Homeless Programs Update
On Tuesday, January 14, El Cajon City Manager Graham Mitchell provided an update to the City Council about the City’s efforts to address homelessness and its impacts on the City. Last year, the City spent roughly $640,000 on programs that provide temporary or permanent housing or address the impacts of homelessness. These programs included:
Housing Navigator – The City has contracted with Crisis House to provide a dedicated Housing Navigator that helps find permanent housing for homeless individuals using the City’s housing funds.
A Way Back Home – This Salvation Army program reunites homeless individuals with relatives outside the region.
Shelter – the East County Transitional Living Center (ECTLC) provides a non-faith-based shelter and assists individuals in finding permanent housing.
Neighborhood Cleanup Program – Run by the ECTLC, this program helps cleanup trash (abandoned furniture, shopping carts, and remnants of encampments) left in the City’s right-of-way.
Task Forces – The City participates in both the East County and San Diego Regional Homeless Task Forces for collaboration and assistance with program implementation.
City’s Quality of Life Team – This team of City employees addresses quality of life through outreach, enforcement, and community cleanup.
"Collectively, these programs are having an impact on homelessness in El Cajon," stated City Manager Graham Mitchell. "Since 2017, 159 homeless individuals have been connected with permanent housing through the Housing Navigator and the A Way Back Home Program, while ECTLC’s emergency shelter served another 343 individuals last year."
"The City of El Cajon is leading East County in providing shelter space and I am hopeful that surrounding Cities and the County will soon start doing the same," stated Mr.
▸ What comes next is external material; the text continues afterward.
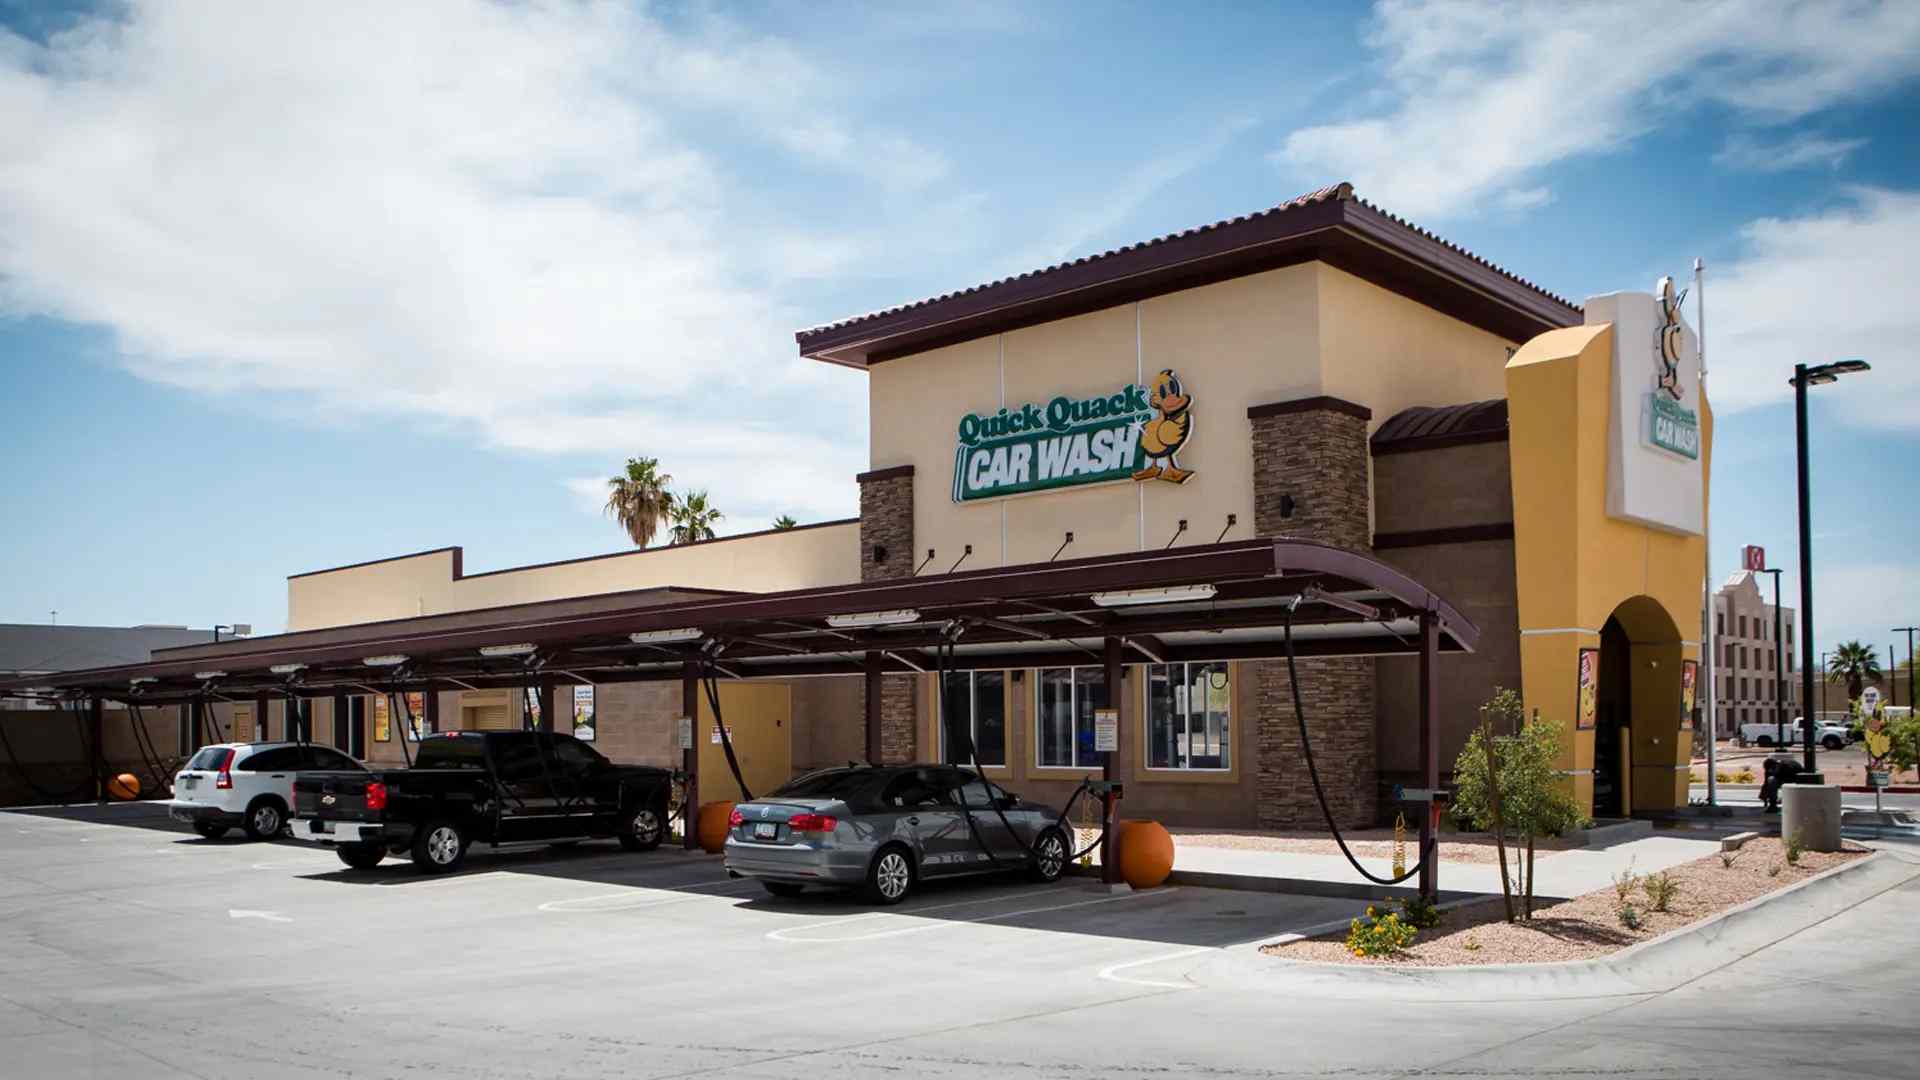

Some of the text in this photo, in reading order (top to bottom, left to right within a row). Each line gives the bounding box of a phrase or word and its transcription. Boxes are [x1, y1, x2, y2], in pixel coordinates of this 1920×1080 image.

[959, 384, 1149, 445] Quick Quack
[968, 427, 1136, 490] CAR WASH
Mitchell. In his presentation, he went on to urge others to provide shelter spaces in neighboring unincorporated areas such as Lakeside and Spring Valley.
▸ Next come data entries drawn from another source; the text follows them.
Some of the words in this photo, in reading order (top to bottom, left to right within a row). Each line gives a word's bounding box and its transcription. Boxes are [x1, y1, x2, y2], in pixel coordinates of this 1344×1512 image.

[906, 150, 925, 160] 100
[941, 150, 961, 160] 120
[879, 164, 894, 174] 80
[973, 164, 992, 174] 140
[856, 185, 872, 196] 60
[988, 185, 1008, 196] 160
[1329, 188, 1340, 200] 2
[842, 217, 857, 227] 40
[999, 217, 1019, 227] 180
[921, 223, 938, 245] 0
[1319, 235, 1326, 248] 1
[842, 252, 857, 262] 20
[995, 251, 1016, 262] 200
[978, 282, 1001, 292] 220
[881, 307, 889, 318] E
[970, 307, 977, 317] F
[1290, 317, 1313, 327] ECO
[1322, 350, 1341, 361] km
The impact of the City’s Quality of Life Team can also be felt throughout the community.
Last year alone the team removed 176 tons of trash and 450 abandoned shopping carts from storm channels, canyons, parks and sidewalks throughout the City.
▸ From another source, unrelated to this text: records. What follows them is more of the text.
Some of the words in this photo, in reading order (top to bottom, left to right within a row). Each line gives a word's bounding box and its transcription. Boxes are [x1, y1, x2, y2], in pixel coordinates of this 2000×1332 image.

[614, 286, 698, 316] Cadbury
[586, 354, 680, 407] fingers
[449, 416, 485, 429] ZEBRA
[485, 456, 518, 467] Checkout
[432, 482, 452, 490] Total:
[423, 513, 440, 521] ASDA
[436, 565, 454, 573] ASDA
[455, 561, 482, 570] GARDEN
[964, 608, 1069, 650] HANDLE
Given the ongoing success of these programs, the City Manager proposed minor adjustments and suggested increased outreach efforts. Mr. Mitchell also proposed utilizing $250,000 of the City’s Housing Fund to expand shelter space in the City. This would be in response to the Supreme Court’s ruling in Martin vs. the City of Boise. The ruling limits a City’s ability to enforce camping or sleeping in public ordinances unless shelter space is available in the City.
The City Council voiced support for the proposed program priorities. Next, the City will issue a Request for Qualifications to identify potential partners and solutions to expand shelter space.